In the count_substrings_regex() function, a regex pattern is constructed using a lookahead to search for the query substring in a way that counts overlap. The findall() function then returns all matches, and the length of this list is the count of occurrences.

Method 3: Using String Count Method

Python’s native str.count() method counts non-overlapping occurrences of a substring within a string. It’s very efficient for non-overlapping patterns but won’t work for substrings that overlap.

Here’s an example:

def count_substrings_count_method(s, query):
    return s.count(query)

# Example usage:
main_string = "ababa"
queries = ["aba", "bab"]
counts = [count_substrings_count_method(main_string, q) for q in queries]
print(counts)

Output: [1, 1]

The count_substrings_count_method() function uses str.count() to find the occurrences of each query in the main string. This method is simple and time-efficient for non-overlapping cases but, as the output shows, it doesn’t account for overlapping occurrences of the substring ‘aba’.

Method 4: Using Suffix Tree/Array

For a more advanced and efficient approach, especially with large data sets or when performing multiple queries, a suffix tree or array can be utilized. This data structure allows for fast substring queries after an initial expensive building phase.

Here’s an example:

# Placeholder for actual suffix tree/array implementation.
# Due to complexity, this is just to illustrate the usage.

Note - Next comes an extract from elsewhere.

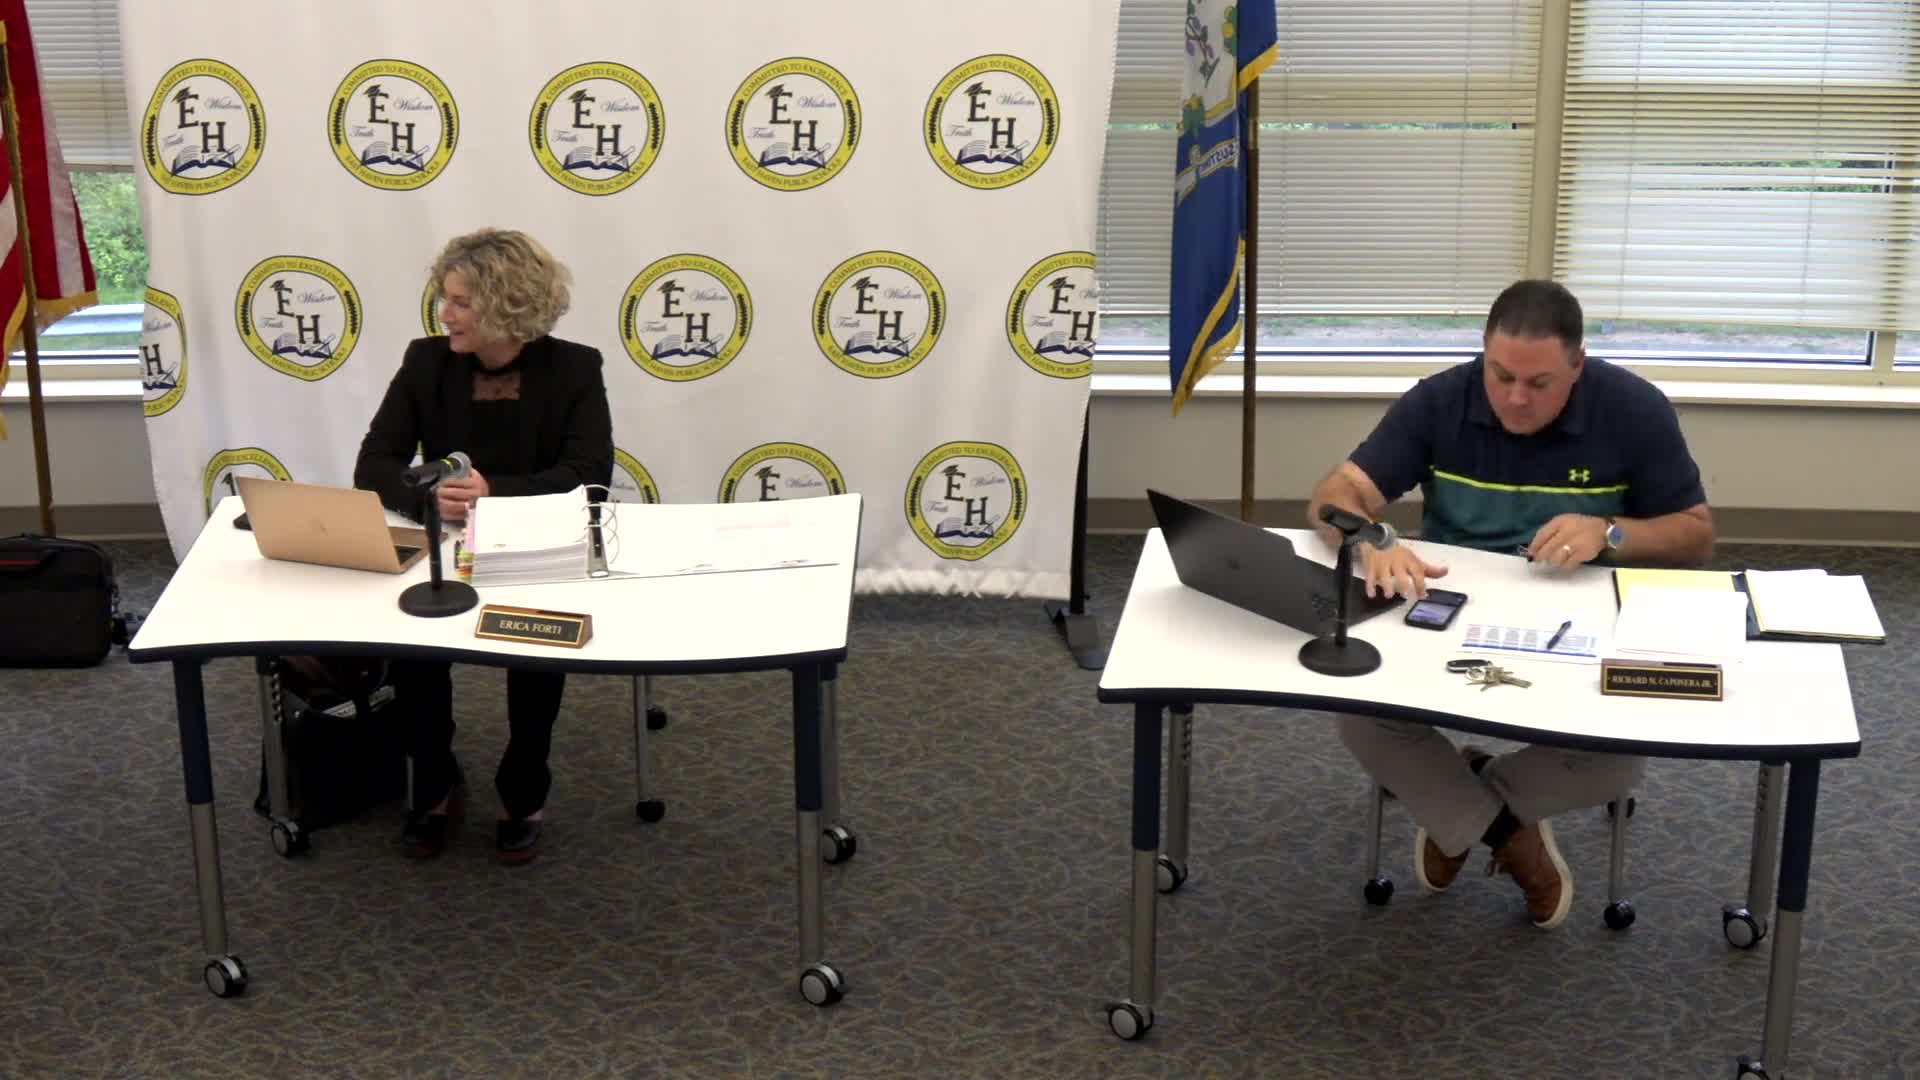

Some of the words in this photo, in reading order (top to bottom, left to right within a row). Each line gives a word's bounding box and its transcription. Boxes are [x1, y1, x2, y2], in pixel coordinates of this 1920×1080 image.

def build_suffix_array(s):
    # Normally here would be the algorithm to build
    # the suffix array from the string `s`.
    pass

def count_substrings_suffix_array(suffix_array, query):
    # This function would use the suffix array to
    # quickly count occurrences of the query.
    pass

# Note: Real implementation and example are significantly more complex.

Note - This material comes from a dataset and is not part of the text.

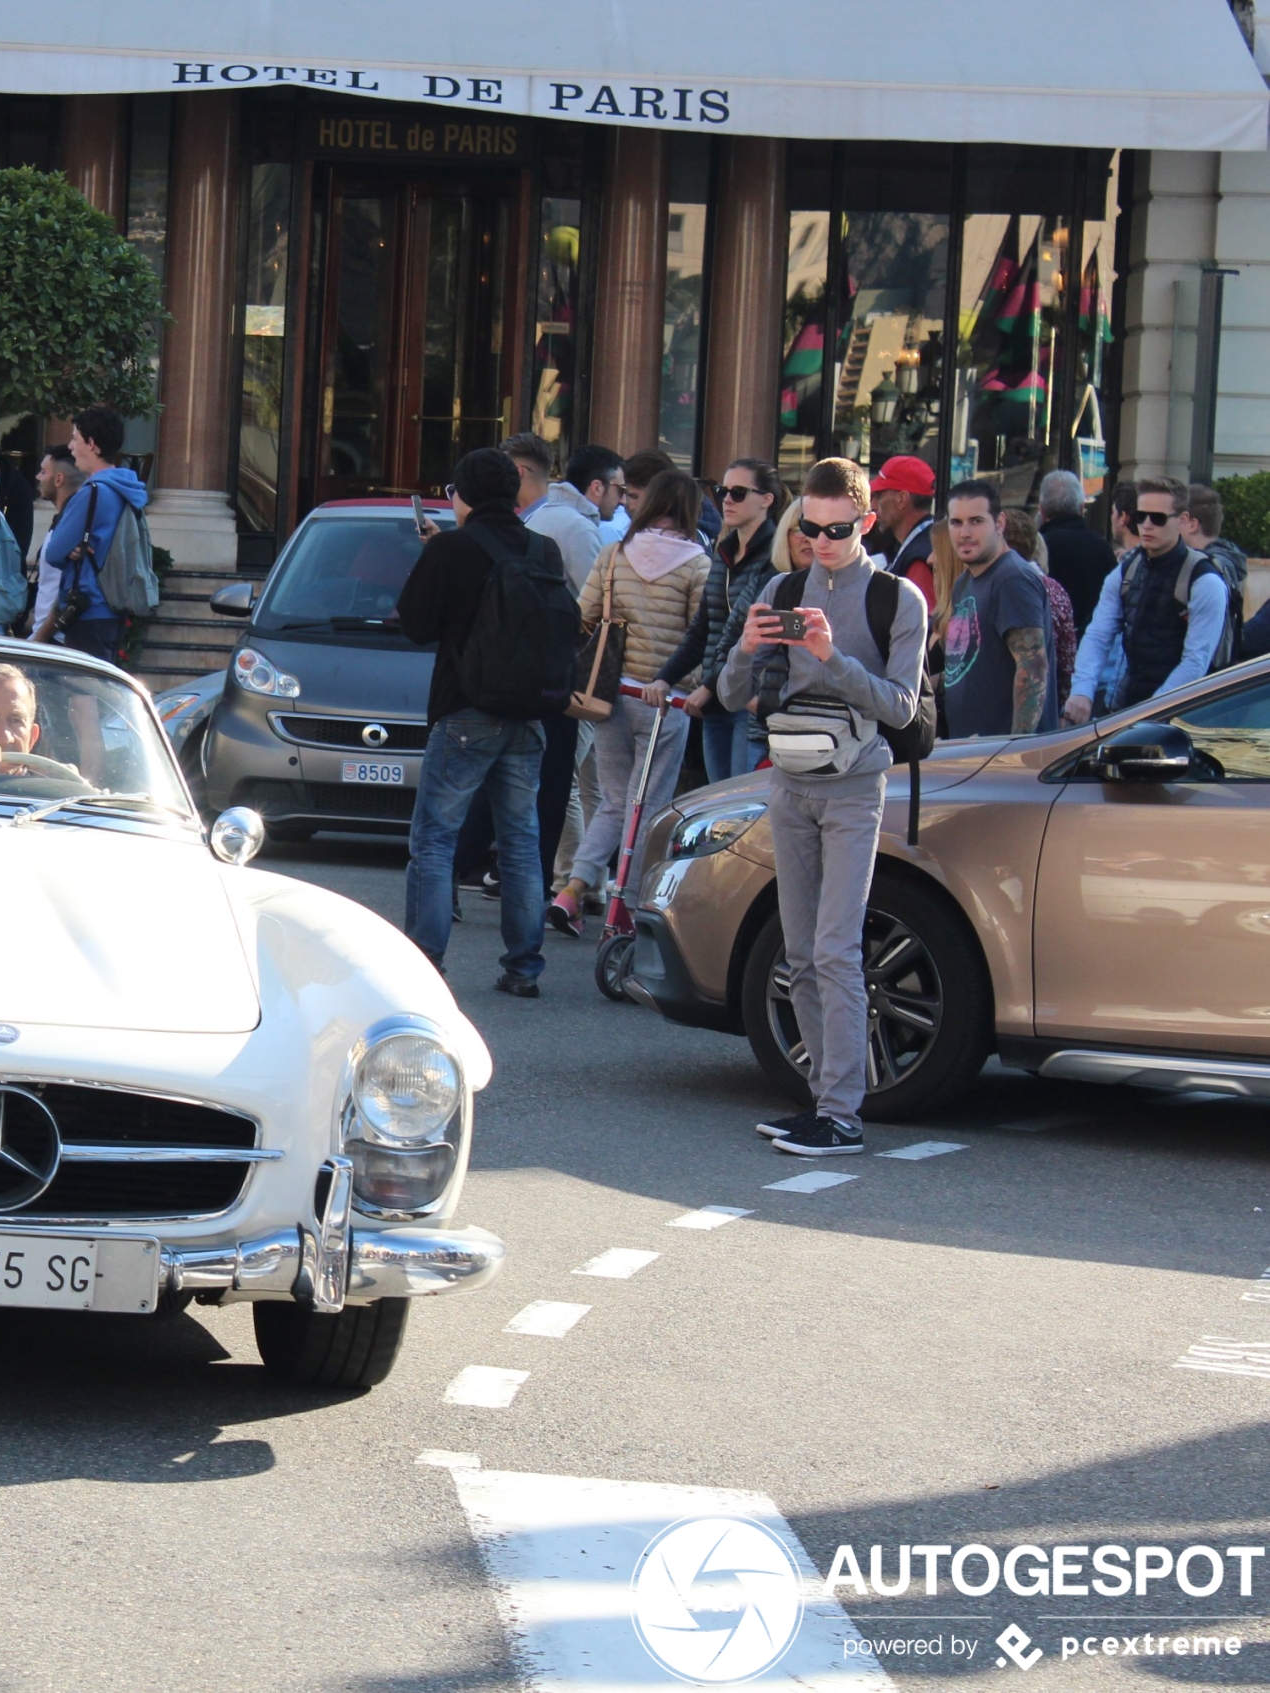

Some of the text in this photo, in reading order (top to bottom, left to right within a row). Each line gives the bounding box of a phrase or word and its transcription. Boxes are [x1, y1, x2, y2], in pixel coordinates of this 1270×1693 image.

[172, 62, 730, 124] HOTEL DE PARIS
[319, 118, 518, 156] HOTEL de PARIS
[358, 764, 402, 782] 8509
[46, 1254, 91, 1293] SG

This section represents a conceptual framework, as implementing a suffix tree/array is beyond the scope of this simple tutorial. Using such data structures is highly efficient for repetitive searching once constructed.

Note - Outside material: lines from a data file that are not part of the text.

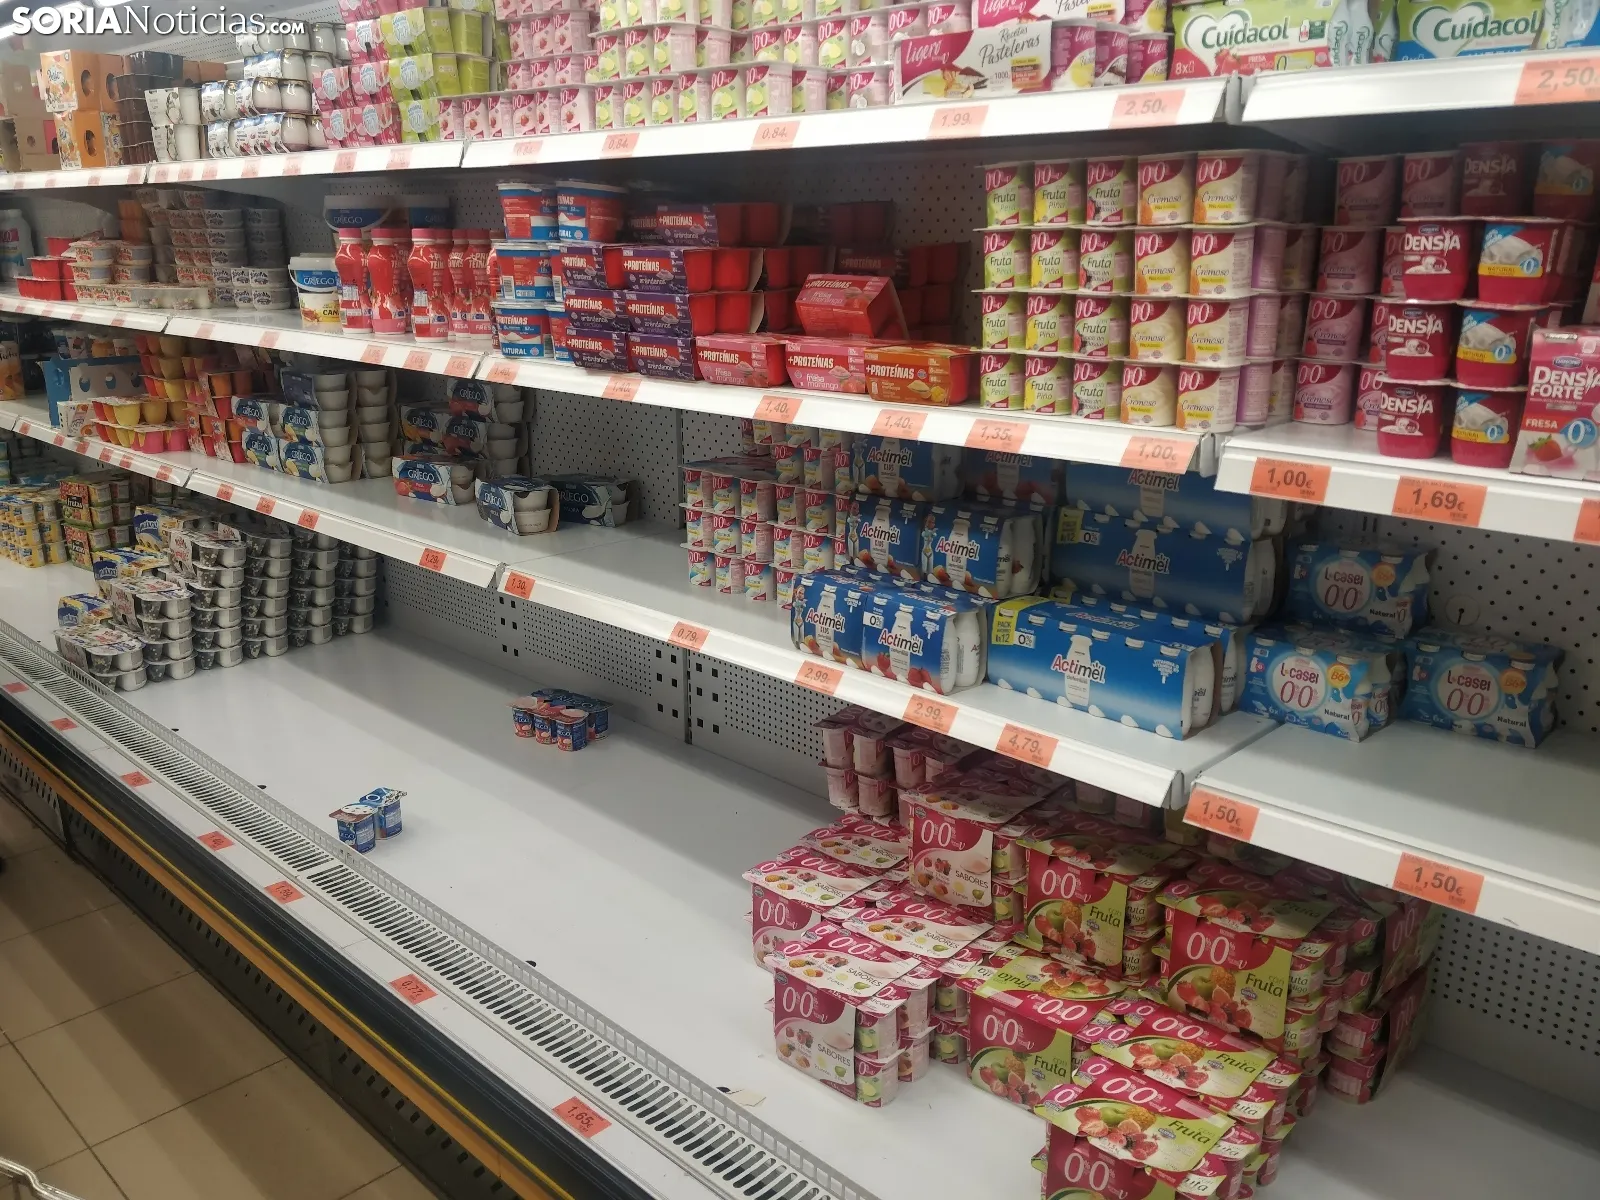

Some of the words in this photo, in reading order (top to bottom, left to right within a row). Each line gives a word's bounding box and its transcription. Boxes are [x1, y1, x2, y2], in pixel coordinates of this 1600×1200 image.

[906, 40, 942, 67] Ligero
[979, 34, 1041, 67] Pasteleras
[1530, 384, 1584, 400] FORTE
[1525, 418, 1558, 429] FRESA
[868, 447, 912, 467] Actimel
[1128, 468, 1180, 491] Actimel
[1412, 488, 1465, 511] 1,69€
[861, 522, 900, 544] Actimel
[936, 537, 979, 560] Actimel
[1117, 550, 1170, 574] Actimel
[807, 608, 845, 633] Actimel
[1369, 608, 1396, 619] Natural
[878, 629, 923, 655] Actimel
[1052, 655, 1106, 683] Actimel
[1324, 708, 1350, 721] Natural
[1497, 714, 1527, 727] Natural
[869, 846, 899, 861] SABORES
[814, 882, 846, 898] SABORES
[955, 870, 989, 889] SABORES
[1414, 866, 1464, 896] 1,50€
[1089, 905, 1121, 928] Fruta
[924, 931, 959, 949] SABORES
[846, 967, 882, 987] SABORES
[1245, 972, 1284, 998] Fruta
[817, 1044, 851, 1067] SABORES
[1033, 1055, 1067, 1078] Fruta
[1215, 1053, 1257, 1074] Fruta
[1168, 1119, 1211, 1144] Fruta

Bonus One-Liner Method 5: Functional Programming Approach

A one-liner using functional programming with map() and lambda can be used to achieve the same result in a concise but less readable manner.

Here’s an example:

main_string = "ababa"
queries = ["aba", "bab"]
counts = list(map(lambda q: len(re.findall('(?=' + q + ')', main_string)), queries))
print(counts)

Output: [2, 1]

This one-liner maps a lambda function over the queries, applying the regular expression method discussed earlier directly within the lambda function. It is very succinct, but the drawback is that it might be less clear to those unfamiliar with functional programming paradigms.

Summary/Discussion

  • Method 1: Brute Force Search. Simple and straightforward. Inefficient for larger strings or numerous queries.
  • Method 2: Using Regular Expressions. Captures overlapping occurrences well. Might be less efficient than other methods for very large strings.
  • Method 3: Using String Count Method. Fast and simple for non-overlapping substrings. Does not count overlaps.
  • Method 4: Using Suffix Tree/Array. Highly efficient after construction. Initial setup is complex and not trivial to implement.
  • Bonus Method 5: Functional Programming Approach. Compact and efficient one-liner. Readability could be an issue for some developers.